About this task:
Find the line containing "Some of the words", then print it and each following line through the end of the records, exactly and with nothing added; leave out any pictures.

[Dataset records]
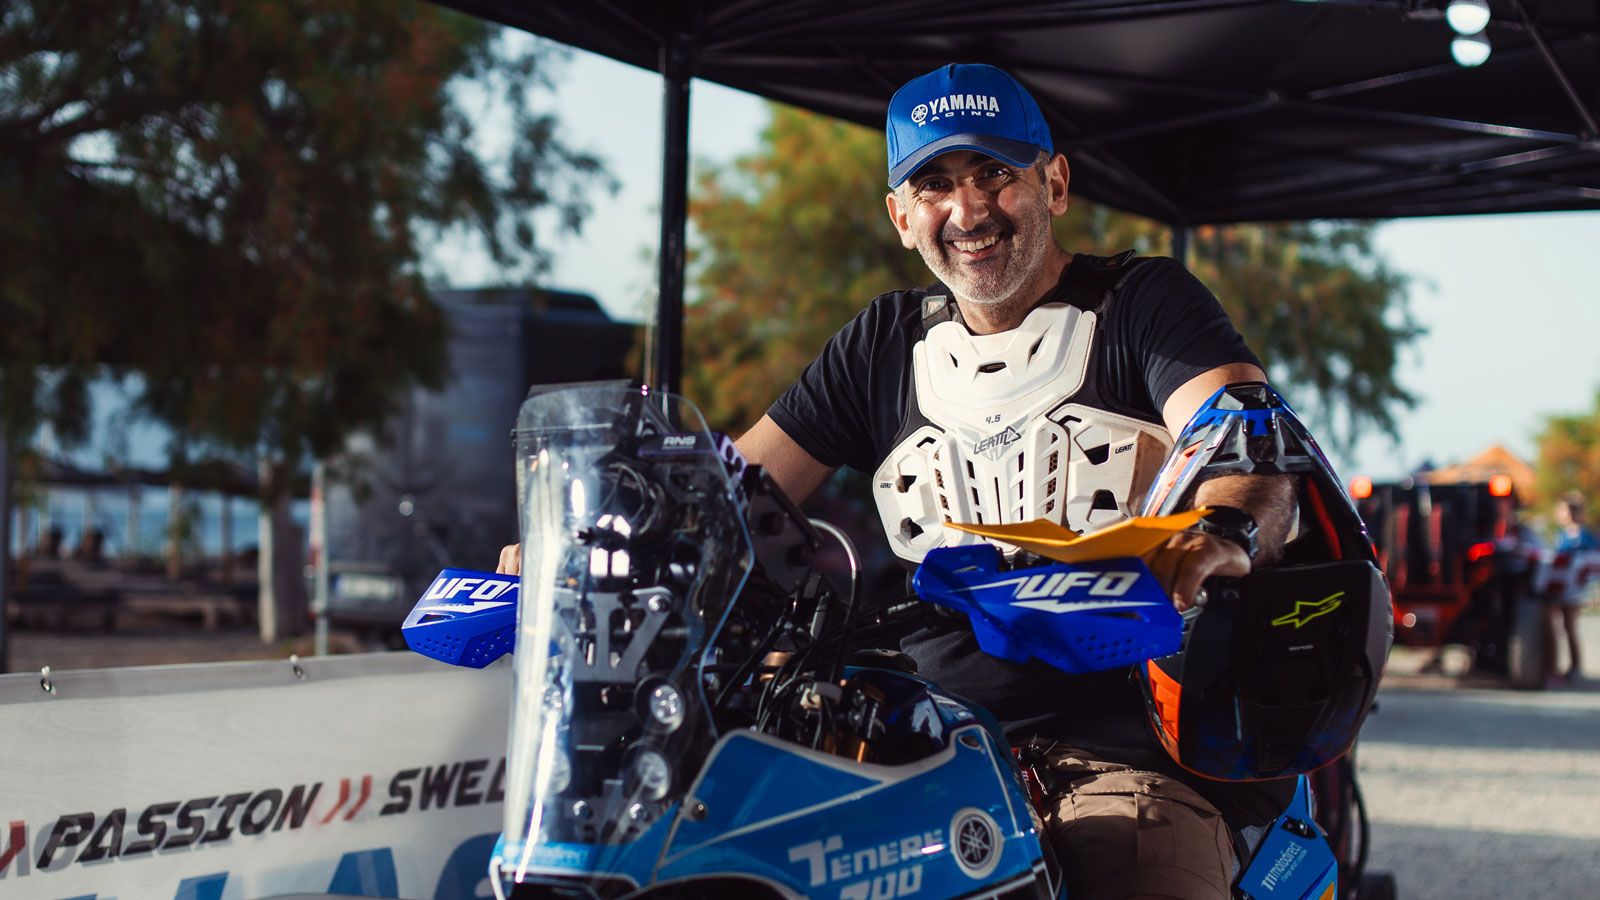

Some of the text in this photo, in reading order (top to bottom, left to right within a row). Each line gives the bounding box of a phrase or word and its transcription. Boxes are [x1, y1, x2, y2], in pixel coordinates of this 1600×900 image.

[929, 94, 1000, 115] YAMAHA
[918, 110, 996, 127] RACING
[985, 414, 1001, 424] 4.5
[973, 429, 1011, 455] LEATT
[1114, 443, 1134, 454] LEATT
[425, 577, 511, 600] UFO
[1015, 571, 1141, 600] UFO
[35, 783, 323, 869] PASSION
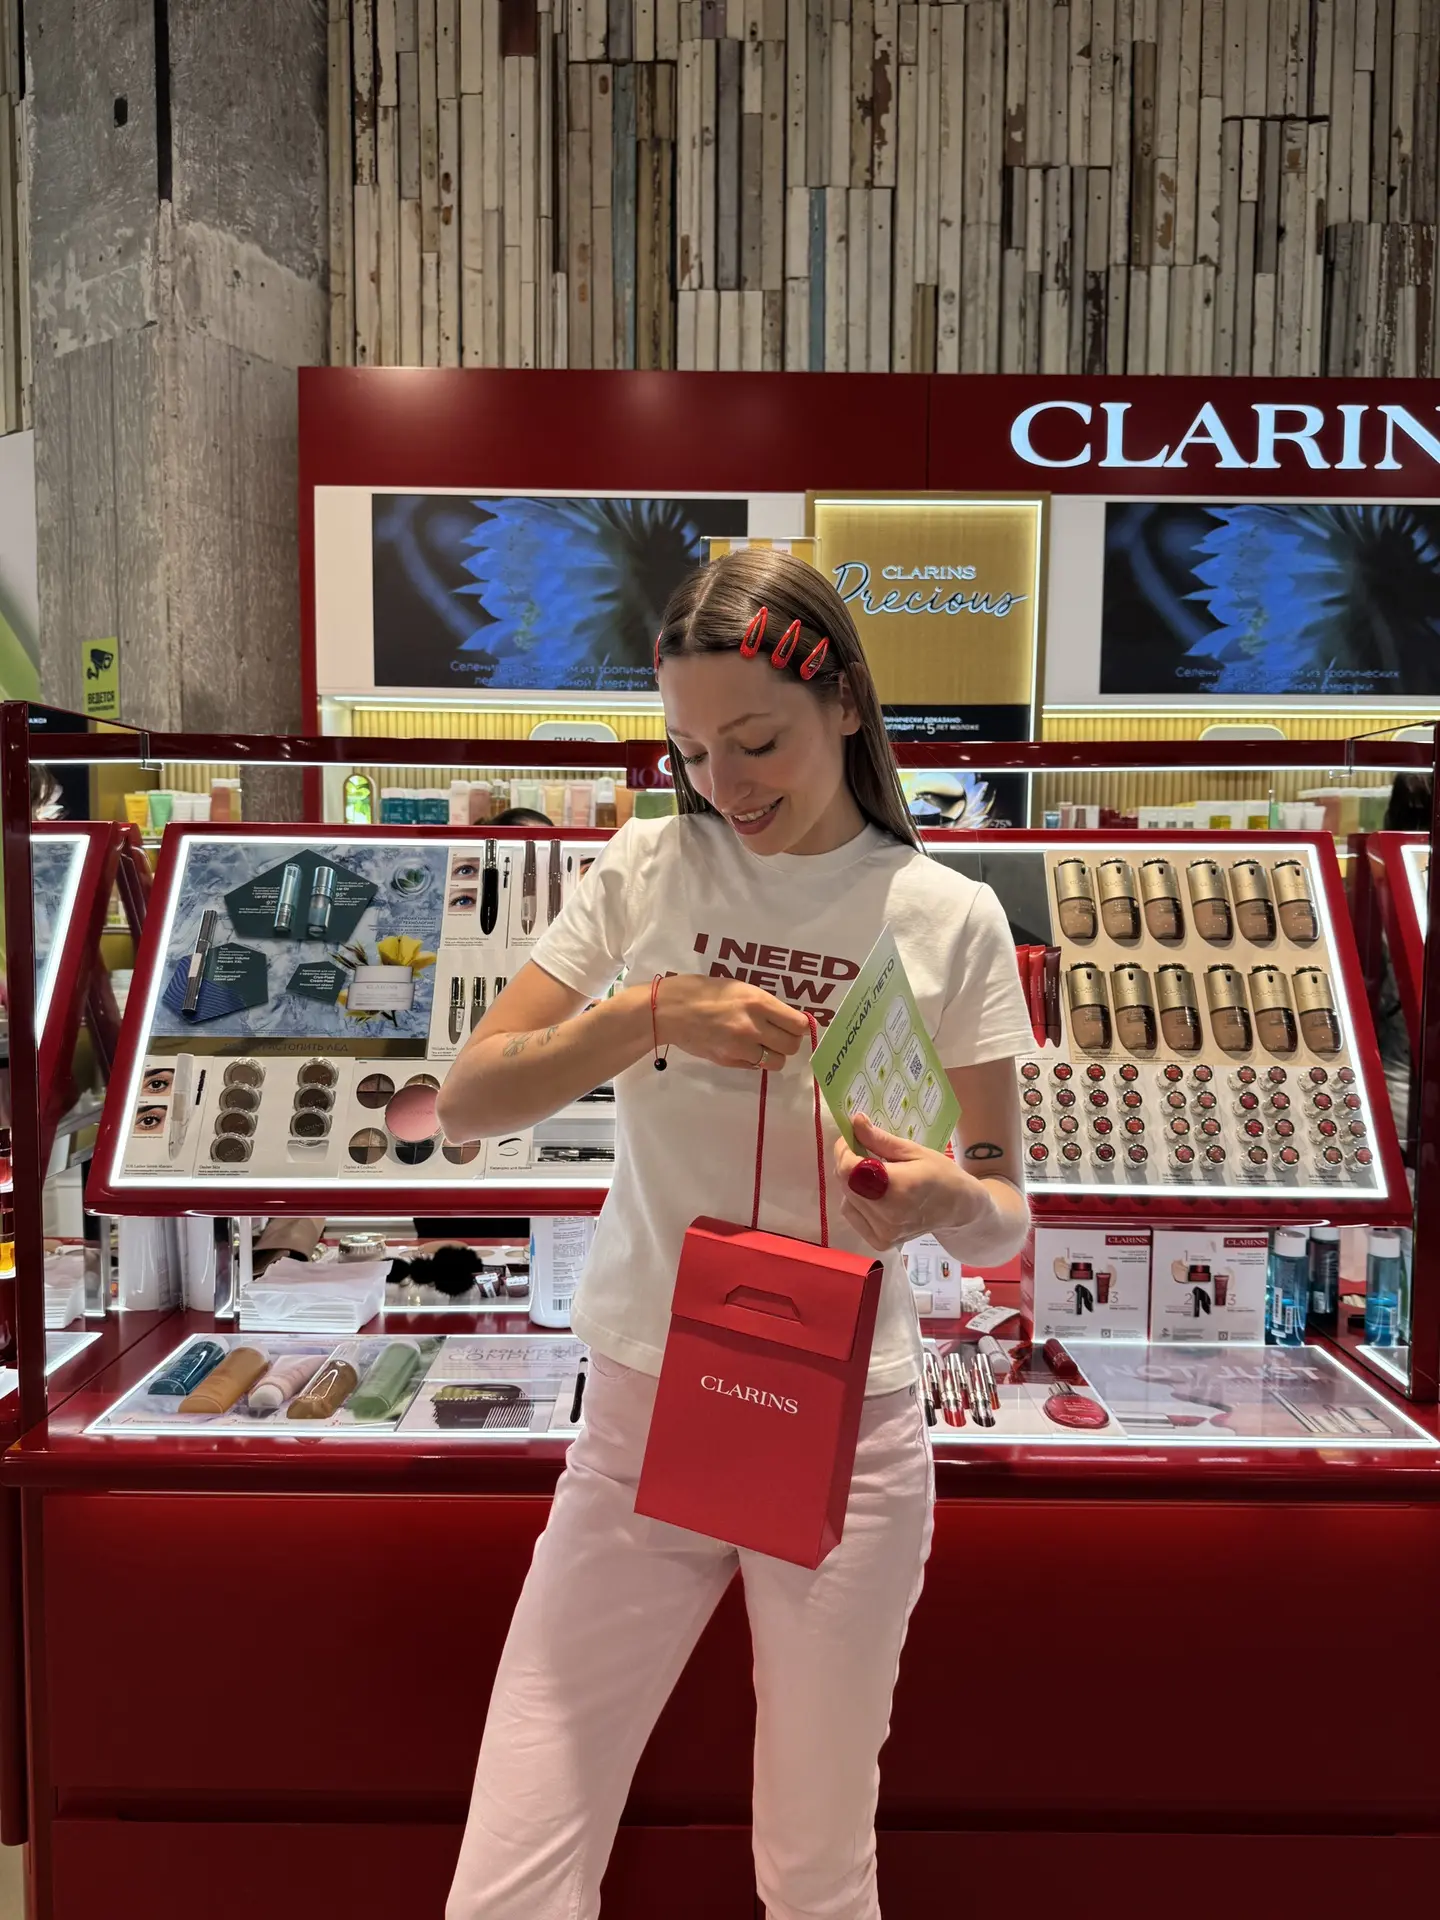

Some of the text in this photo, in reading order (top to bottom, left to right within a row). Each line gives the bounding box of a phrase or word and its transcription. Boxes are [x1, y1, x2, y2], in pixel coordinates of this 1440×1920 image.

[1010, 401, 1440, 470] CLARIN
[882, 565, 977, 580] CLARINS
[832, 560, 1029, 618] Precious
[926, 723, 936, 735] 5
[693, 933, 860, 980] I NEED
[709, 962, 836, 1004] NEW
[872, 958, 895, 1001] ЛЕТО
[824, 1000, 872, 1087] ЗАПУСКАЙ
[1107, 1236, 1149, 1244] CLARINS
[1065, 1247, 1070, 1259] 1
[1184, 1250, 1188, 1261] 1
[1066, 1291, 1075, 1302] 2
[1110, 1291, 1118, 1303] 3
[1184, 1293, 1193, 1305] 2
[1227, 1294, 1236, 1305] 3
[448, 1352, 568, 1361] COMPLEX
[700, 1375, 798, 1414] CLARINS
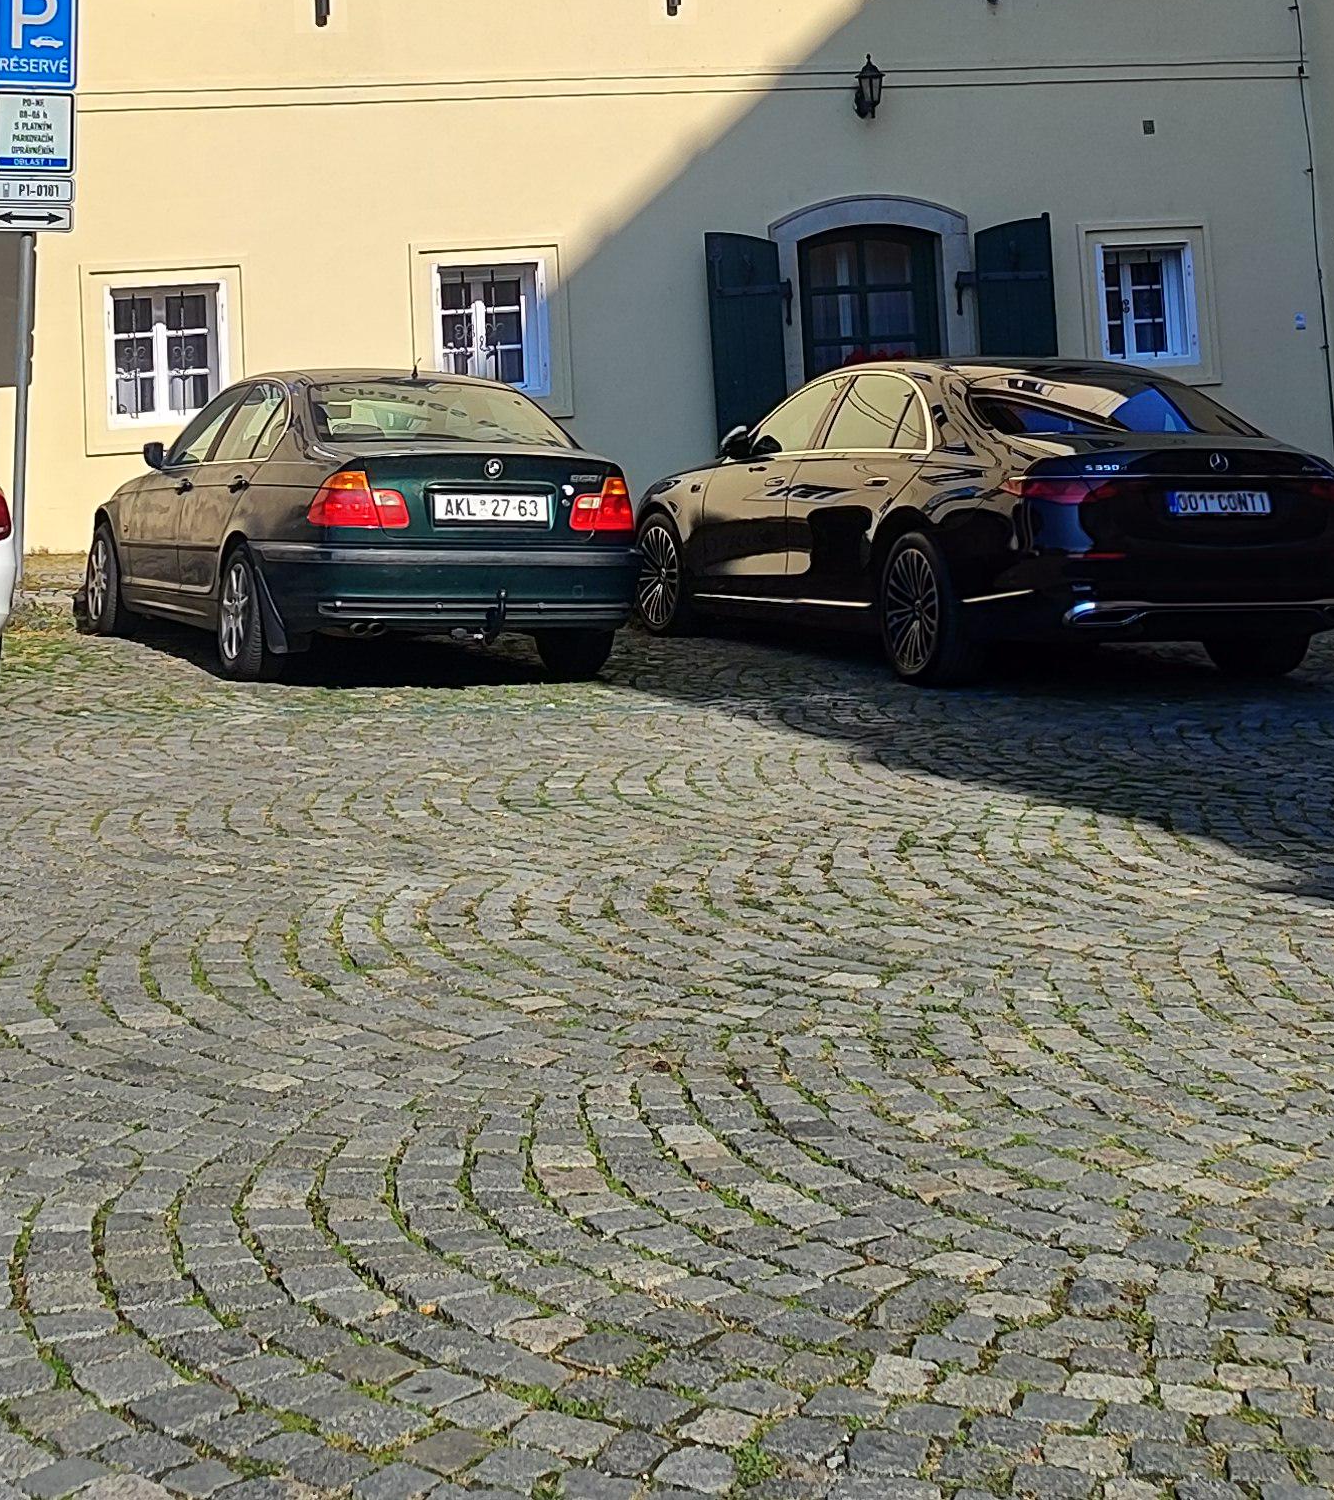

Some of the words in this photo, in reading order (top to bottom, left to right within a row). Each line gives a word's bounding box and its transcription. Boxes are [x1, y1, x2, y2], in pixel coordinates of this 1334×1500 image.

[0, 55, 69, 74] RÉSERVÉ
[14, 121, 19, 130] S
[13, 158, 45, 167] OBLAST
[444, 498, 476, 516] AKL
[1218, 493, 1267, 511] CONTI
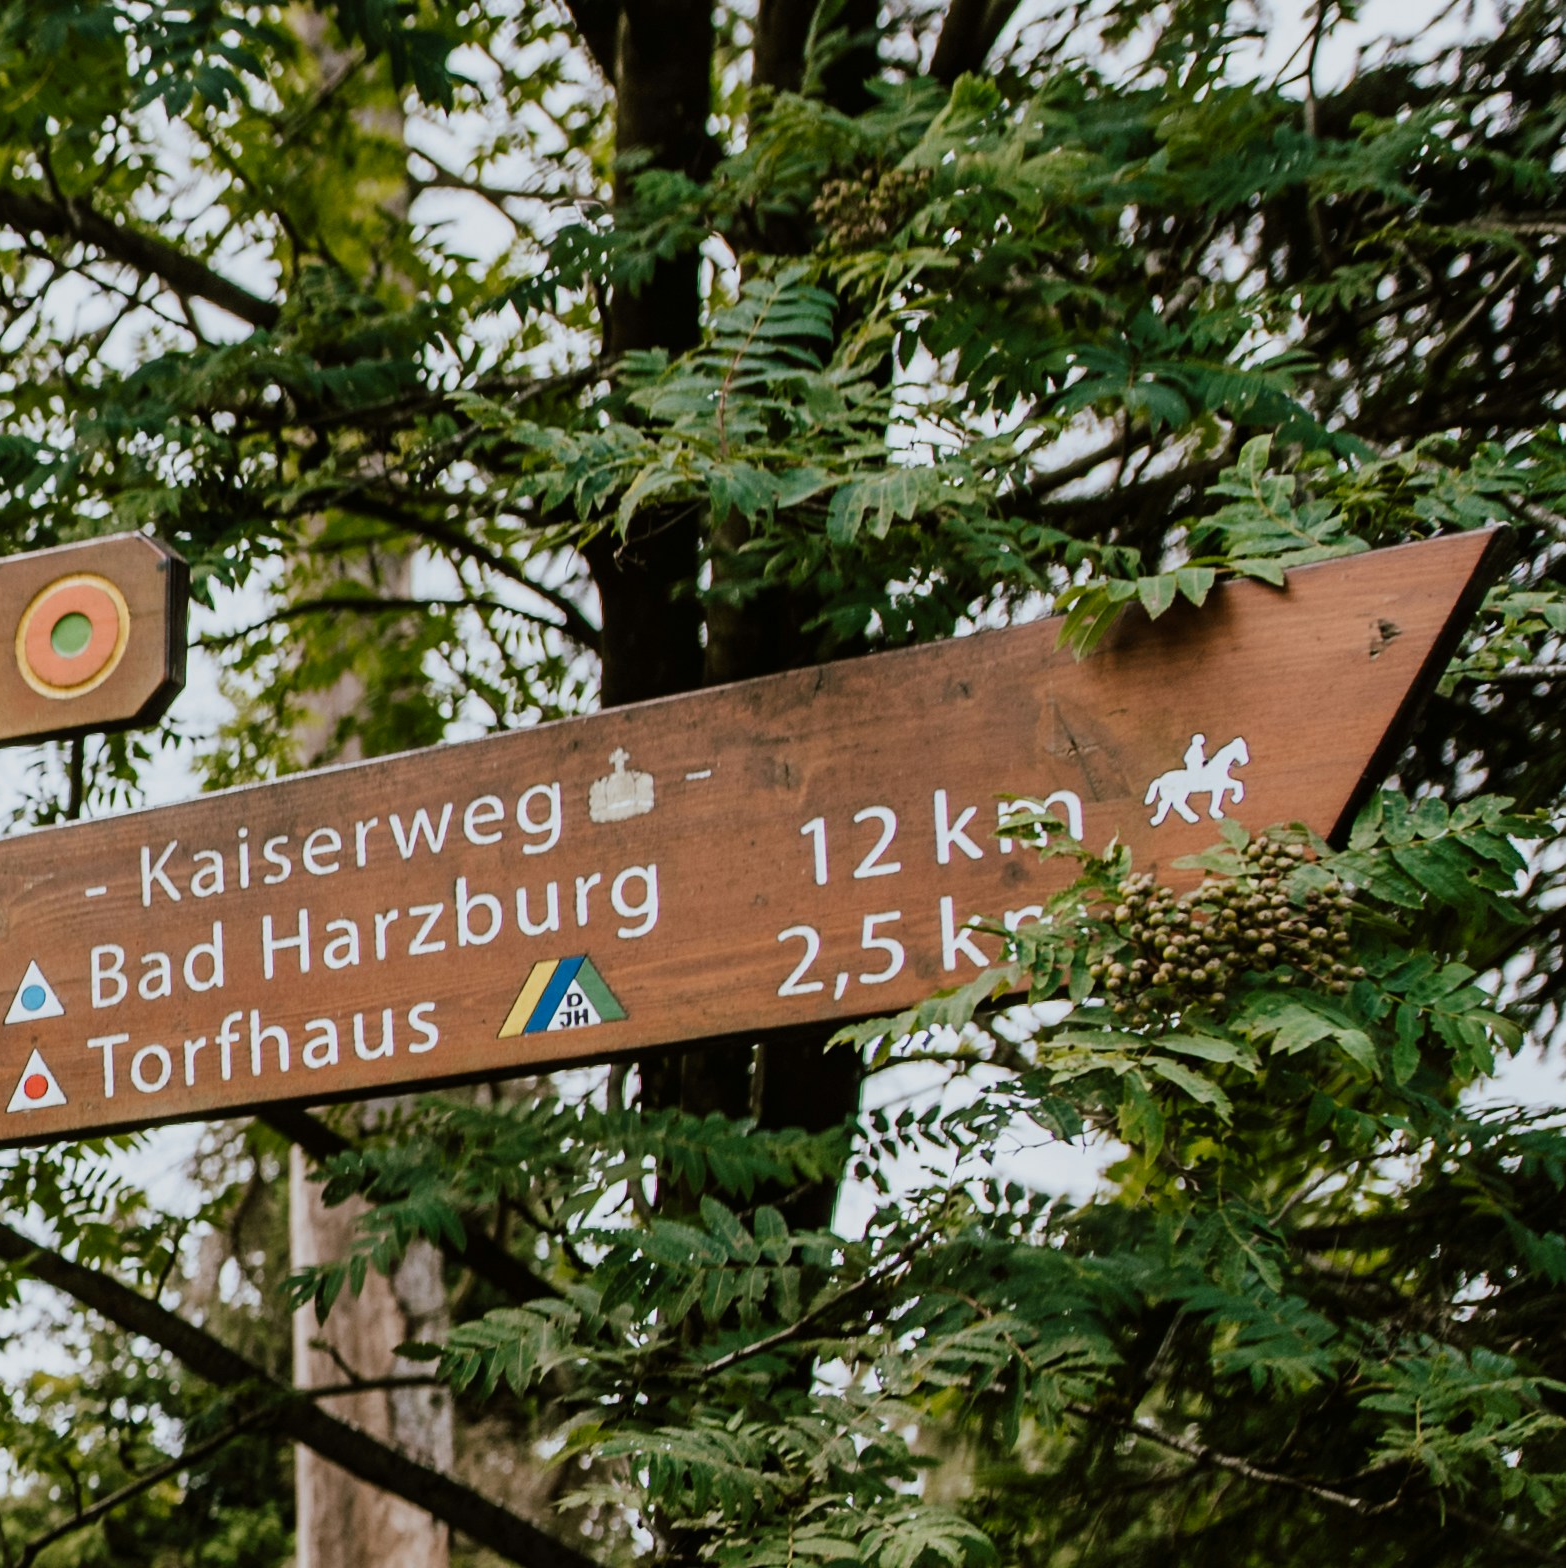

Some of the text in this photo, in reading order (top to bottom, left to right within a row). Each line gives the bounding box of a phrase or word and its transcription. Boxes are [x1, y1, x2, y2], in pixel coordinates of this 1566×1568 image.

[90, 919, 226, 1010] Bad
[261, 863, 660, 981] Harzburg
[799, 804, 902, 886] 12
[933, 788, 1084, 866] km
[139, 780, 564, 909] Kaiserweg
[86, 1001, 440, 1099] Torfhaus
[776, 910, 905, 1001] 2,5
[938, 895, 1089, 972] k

Answer to this exercise:
Some of the words in this photo, in reading order (top to bottom, left to right within a row). Each line gives a word's bounding box and its transcription. Boxes are [x1, y1, x2, y2], in pixel coordinates of this 1334×1500 image.

[0, 55, 69, 74] RÉSERVÉ
[14, 121, 19, 130] S
[13, 158, 45, 167] OBLAST
[444, 498, 476, 516] AKL
[1218, 493, 1267, 511] CONTI

Some of the text in this photo, in reading order (top to bottom, left to right within a row). Each line gives the bounding box of a phrase or word and its transcription. Boxes are [x1, y1, x2, y2], in pixel coordinates of this 1566×1568 image.

[90, 919, 226, 1010] Bad
[261, 863, 660, 981] Harzburg
[799, 804, 902, 886] 12
[933, 788, 1084, 866] km
[139, 780, 564, 909] Kaiserweg
[86, 1001, 440, 1099] Torfhaus
[776, 910, 905, 1001] 2,5
[938, 895, 1089, 972] k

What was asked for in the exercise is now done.